A public calendar that goes unmaintained for more than a year, _and_
omits mention of the year from included events, definitely becomes a
menace to users.  I try to never let that happen.  ("So, don't do that,
then.")

It happened briefly on BALE when Deirdre and I were both stumped by
sudden, mysterious silent breakage of the newmonth.py monthly cronjob
script that populates new months' events rows in MySQL from the
eventtemplate table.  (Root cause turned out to be a MySQL upgrade to a
version that suddenly required COMMIT statements before INSERTs would
work.  This was tough to spot because everything used to work and it
wasn't obvious what if anything had changed.)
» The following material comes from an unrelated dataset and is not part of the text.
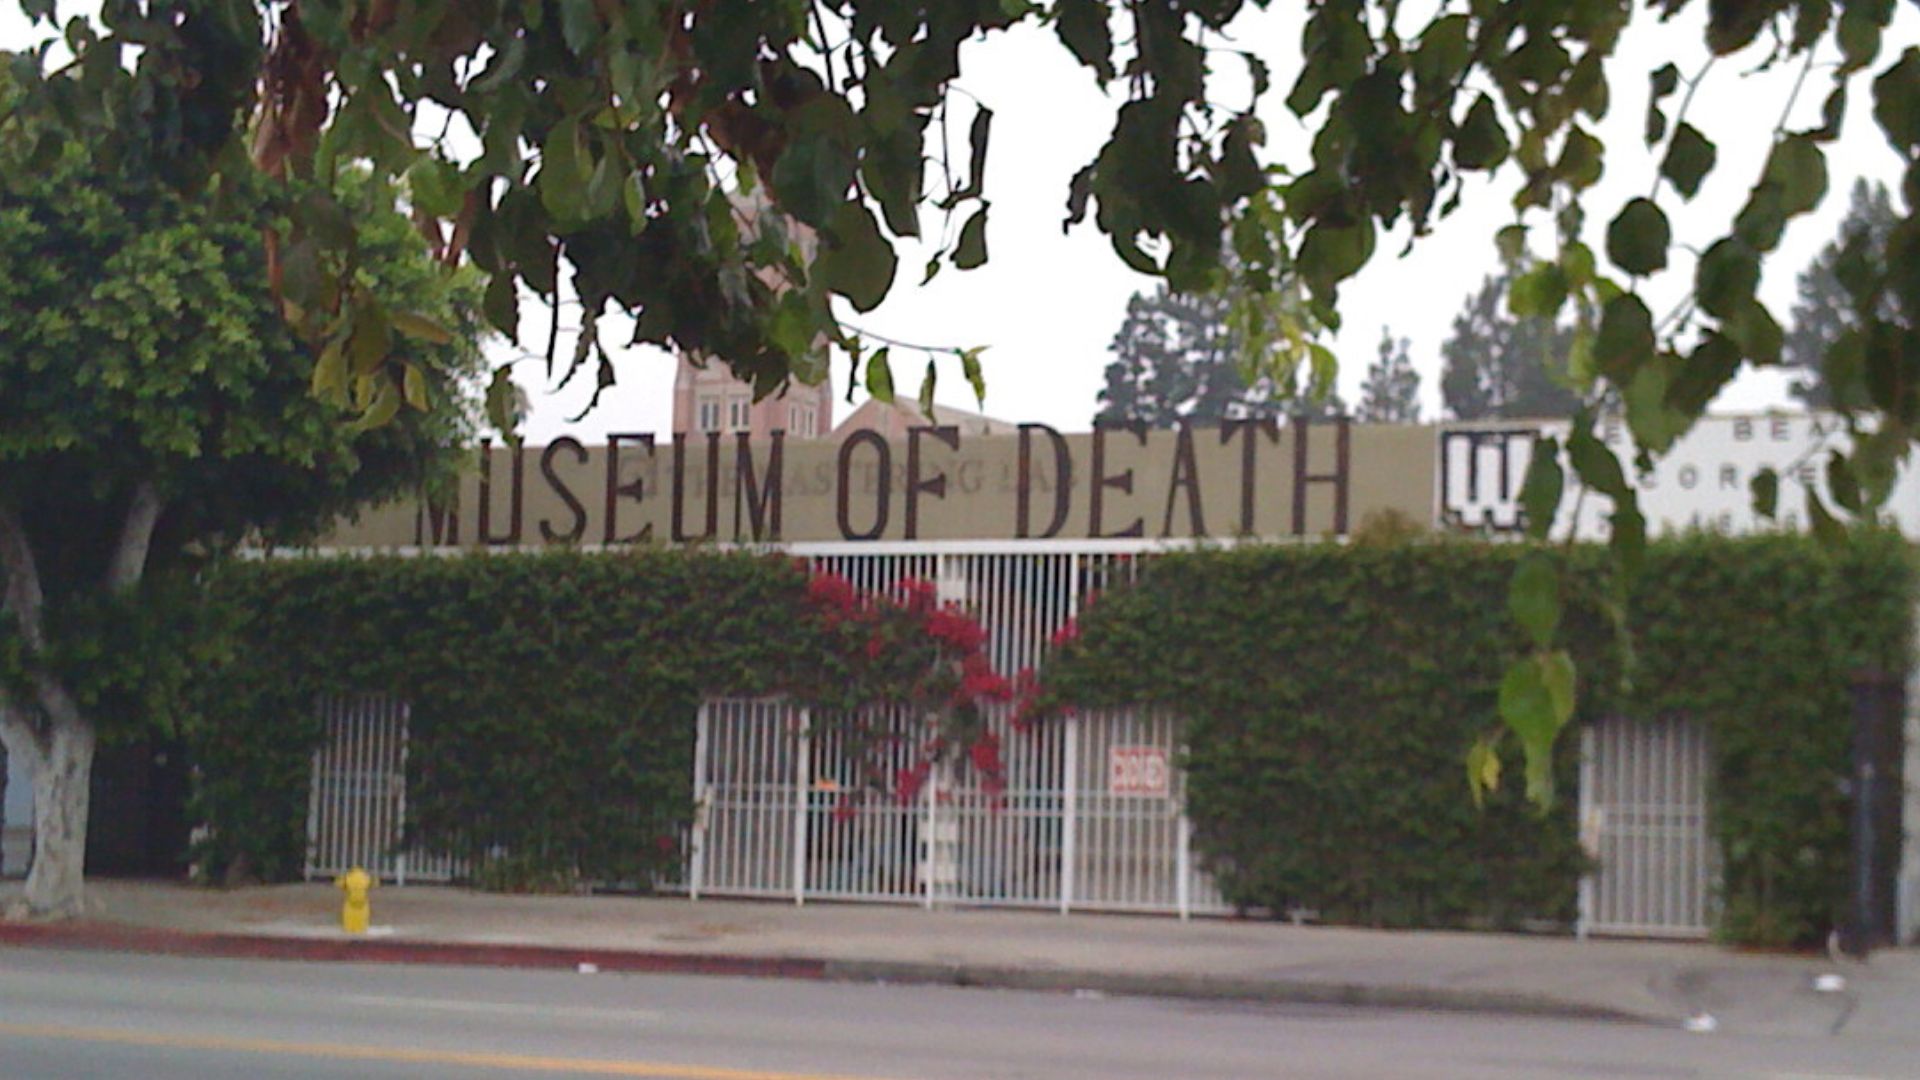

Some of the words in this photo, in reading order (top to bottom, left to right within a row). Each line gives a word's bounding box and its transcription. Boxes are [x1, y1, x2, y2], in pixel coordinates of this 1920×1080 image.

[415, 428, 786, 547] MUSEUM
[837, 427, 960, 541] OF
[1014, 415, 1351, 539] DEATH
While the PHP/MySQL-based version of BALE was broken, I dealt with the
situation by renaming index.php to index-save.php, and reverted to
maintaining a flat-HTML index.html file manually in vi -- until we
figured out the SQL problem.

Additionally, both the BALE and CABAL pages _do_ mention the year, at
the bottom -- the BALE page in a copyright line, the CABAL page in both
that and a "Last modified" timestamp line.  That's definitely not
prominent, but it _is_ there.

I've put a lot of thought into information presentation on BALE, over
the years, and tried out a number of experiments.  One of my resulting
rules is that the top and especially top-left of a page needs to house
_only_ the most-vital information.  Less-vital data needs to be banished
to down below or on subpages, if present at all.  So, you'll see each
BALE line is maximally terse, with key details bolded, and a hyperlink
goes to either a tag further down the page ("#svlug") or to an offsite
page ("http://www.communityleadershipsummit.com/").

The "Last modified" line on the CABAL page is pursuant to one of my
other rules, that you need to reassure the user that the page is still 
maintained, because so many pages on the Web aren't, and are misleading
the way BayLISA's calendar was with you.  
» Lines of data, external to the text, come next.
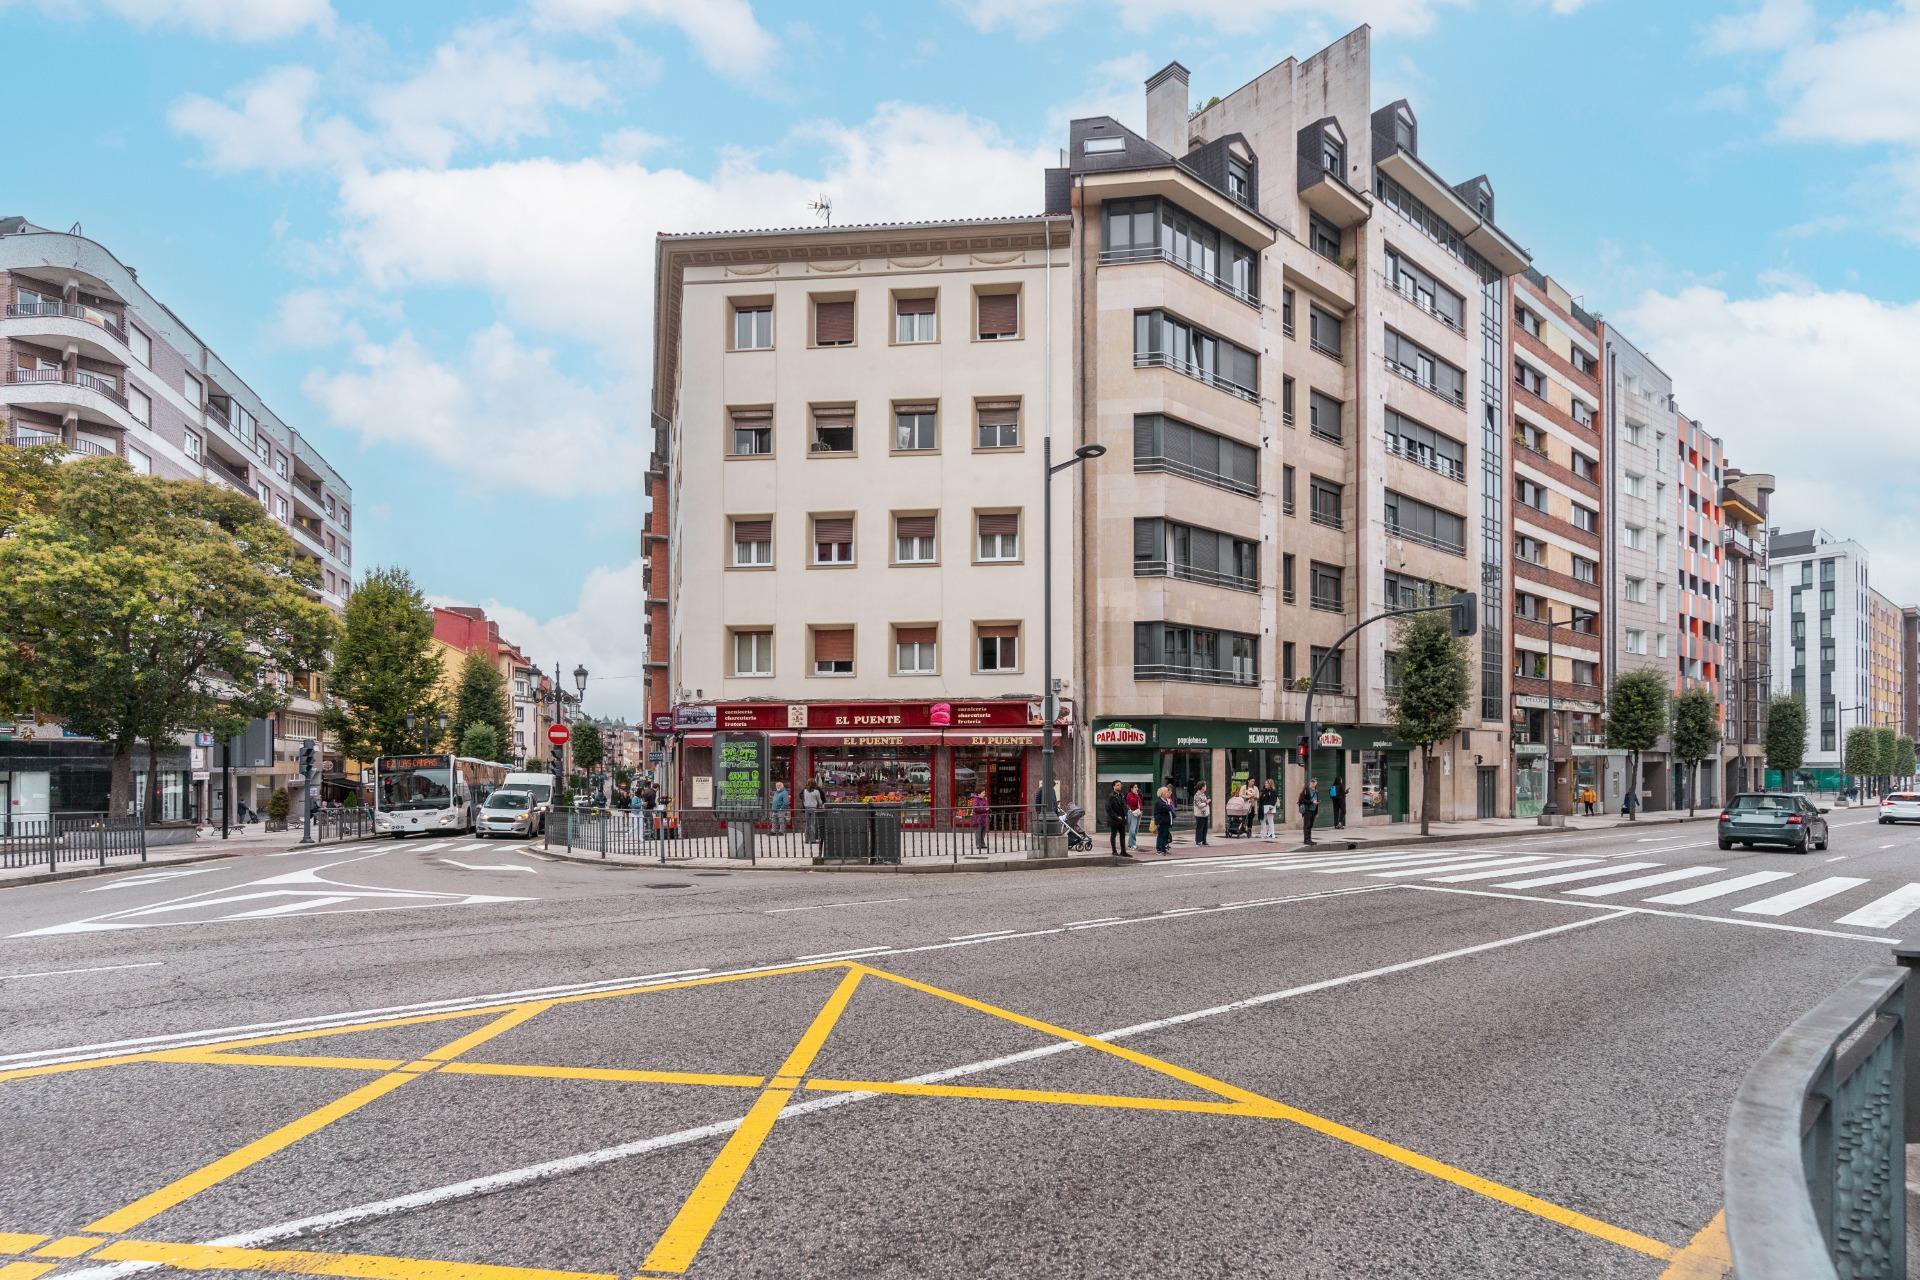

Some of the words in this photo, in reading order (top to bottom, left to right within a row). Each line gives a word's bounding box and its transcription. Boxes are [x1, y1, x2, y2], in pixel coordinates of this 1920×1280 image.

[835, 716, 850, 725] EL
[854, 715, 901, 724] PUENTE
[843, 737, 857, 745] EL
[860, 737, 904, 745] PUENTE
[971, 736, 986, 745] EL
[987, 736, 1033, 745] PUENTE
[1096, 731, 1116, 742] PAPA
[1177, 736, 1208, 746] papajohns.es
[1248, 734, 1265, 744] MEJOR
BALE used to have such a line, but lost it when it got automated using
PHP and MySQL.  This has always bothered me, but at least the copyright
line serves much of that purpose.

Quoting my advice to new LUGs on
http://linuxmafia.com/faq/Linux_PR/newlug.html :

   18. Make sure every page has a revision date and maintainer link.

   It's traditional to put some variation on "Send feedback to [link]" or
   "Copyright (C) 2000 by [link]", or "Webmaster: [link]" where "[link]" is
   the maintainer's name with a "mailto" hyperlink. And there's a good
   reason for this tradition: It ensures that "feedback" comments -- from
   sharp-eyed readers who catch errors, omissions, and ambiguities in your
   public information -- will reach the right person. Make it easy for the
   public to help you, and some of them will.
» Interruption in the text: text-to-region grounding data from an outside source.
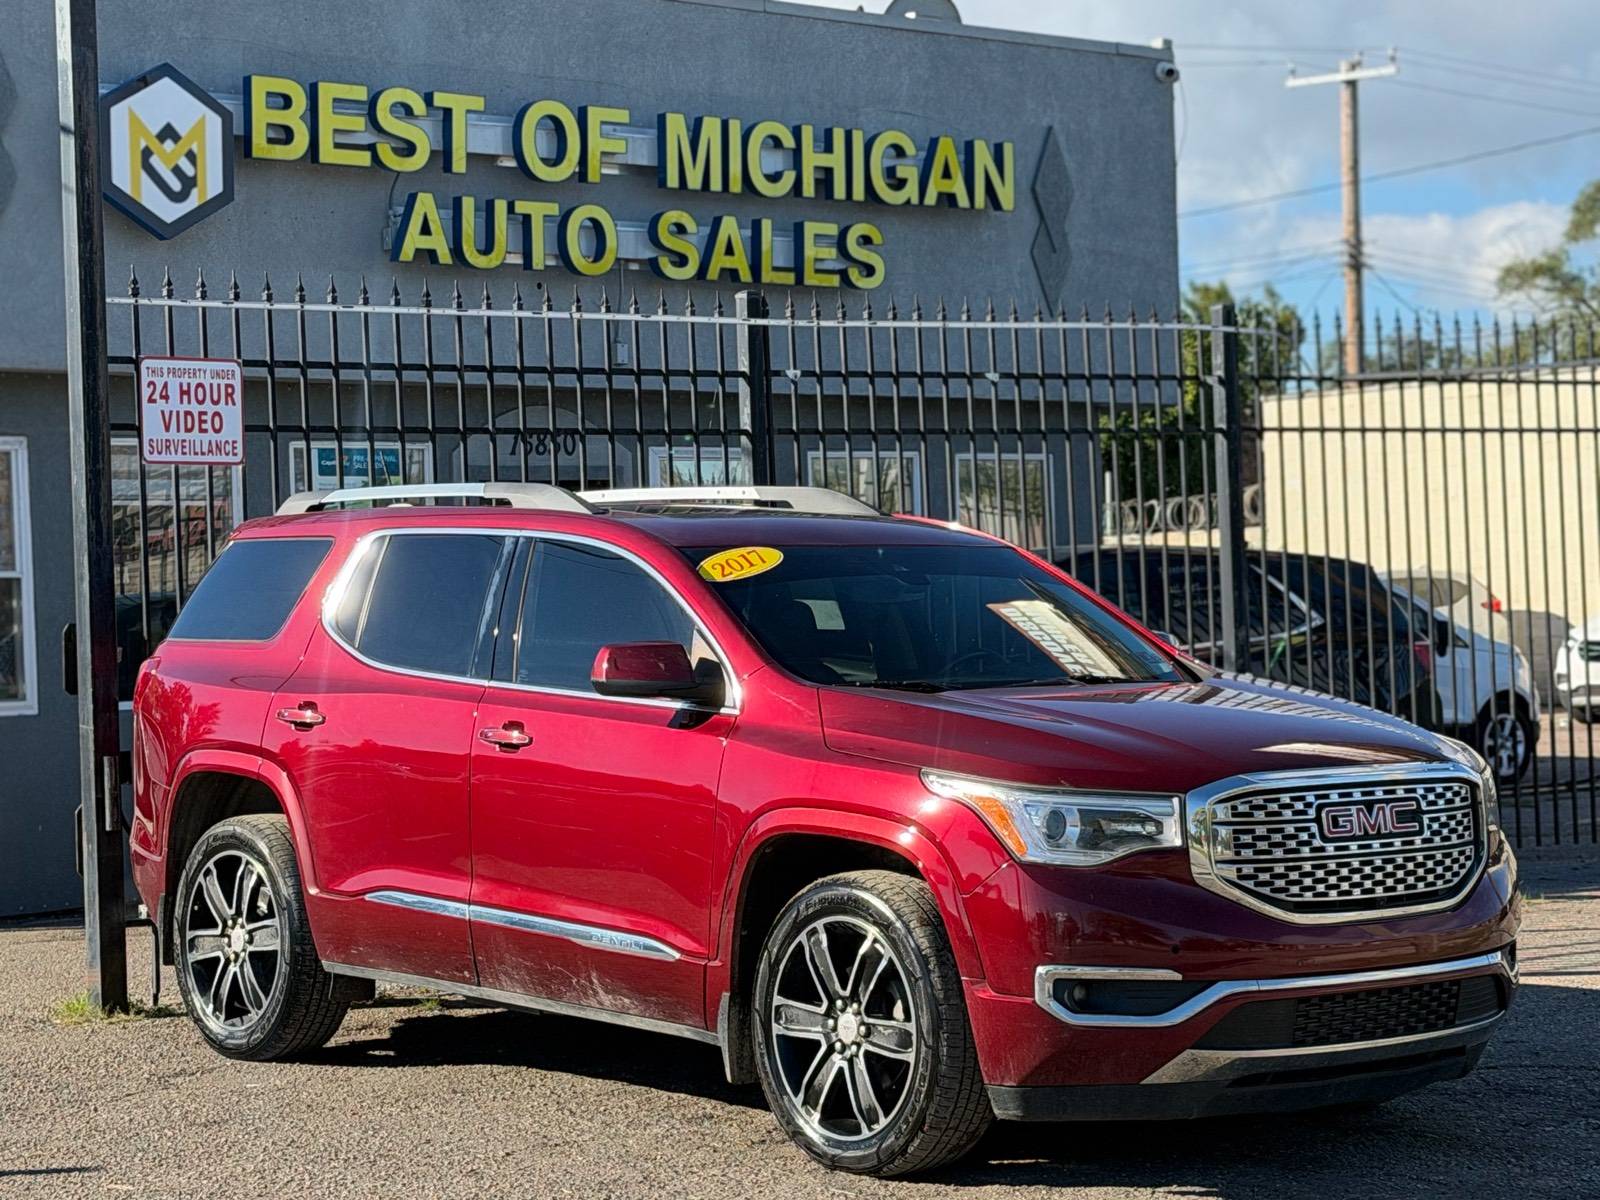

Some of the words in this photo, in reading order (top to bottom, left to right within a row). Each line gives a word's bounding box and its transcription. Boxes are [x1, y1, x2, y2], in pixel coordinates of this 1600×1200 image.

[246, 74, 485, 174] BEST
[516, 100, 630, 184] OF
[660, 111, 1015, 212] MICHIGAN
[394, 191, 618, 277] AUTO
[651, 209, 886, 290] SALES
[146, 366, 164, 378] THIS
[167, 367, 207, 380] PROPERTY
[210, 368, 236, 381] UNDER
[146, 380, 170, 405] 24
[179, 381, 237, 407] HOUR
[160, 409, 224, 434] VIDEO
[148, 438, 238, 457] SURVEILLANCE
[711, 549, 767, 578] 2017
[1321, 801, 1421, 838] GMC
   Putting a date stamp at the bottom of each page, whenever you update it,
   reassures visitors that the site really is current. You may know that
   it's a living site with current data, but newcomers won't. Dead sites
   with obsolete data are far too common on the Web, and the date stamp
   marks your page as freshly edited. (Equally, it reminds you of when you
   last overhauled the site.)

   Need I mention that the worst-maintained LUG sites in my area lack
   revision dates and maintainer links? It's true.

Including "2009" ot "2010" (etc.) in each date would compromise -- at
least to a small degree -- my rule about maximum terseness for lines in
the top section.  Again, quoting my advice to LUG leaders:

   13. Place time-sensitive and key information prominently near the top
   of your main Web page.

   Don't banish all meeting information to your events page, or tuck it
   into an unobtrusive text box for aesthetic reasons: Ensure that the most
   prominent items on your site are the ones viewers need most. Consider
   using "STRONG" or "EM" HTML tags on particularly important items, such
   as your date formula (e.g., "second Tuesdays at 7 PM").

   Displaying time-sensitive information prominently is useful not only
   because that tends to be what viewers seek most often, but also because
   such text calls your attention to itself, when it needs updating. Think
   of this as comparable to putting perishables near the front of your
   refrigerator, date-stamp outwards.

So, basically, I am reluctant to widen the date column to include year
data because that is not time-sensitive, key information.  I _will_
consider it, though -- as it's only about five additional characters per
event.

I'm trying not to get pigheaded just because my calendar's (BALE) been 
around for twelve years and clearly meets a lot of people's needs well
-- but I do have considered reasons for many of its inclusions and
omissions.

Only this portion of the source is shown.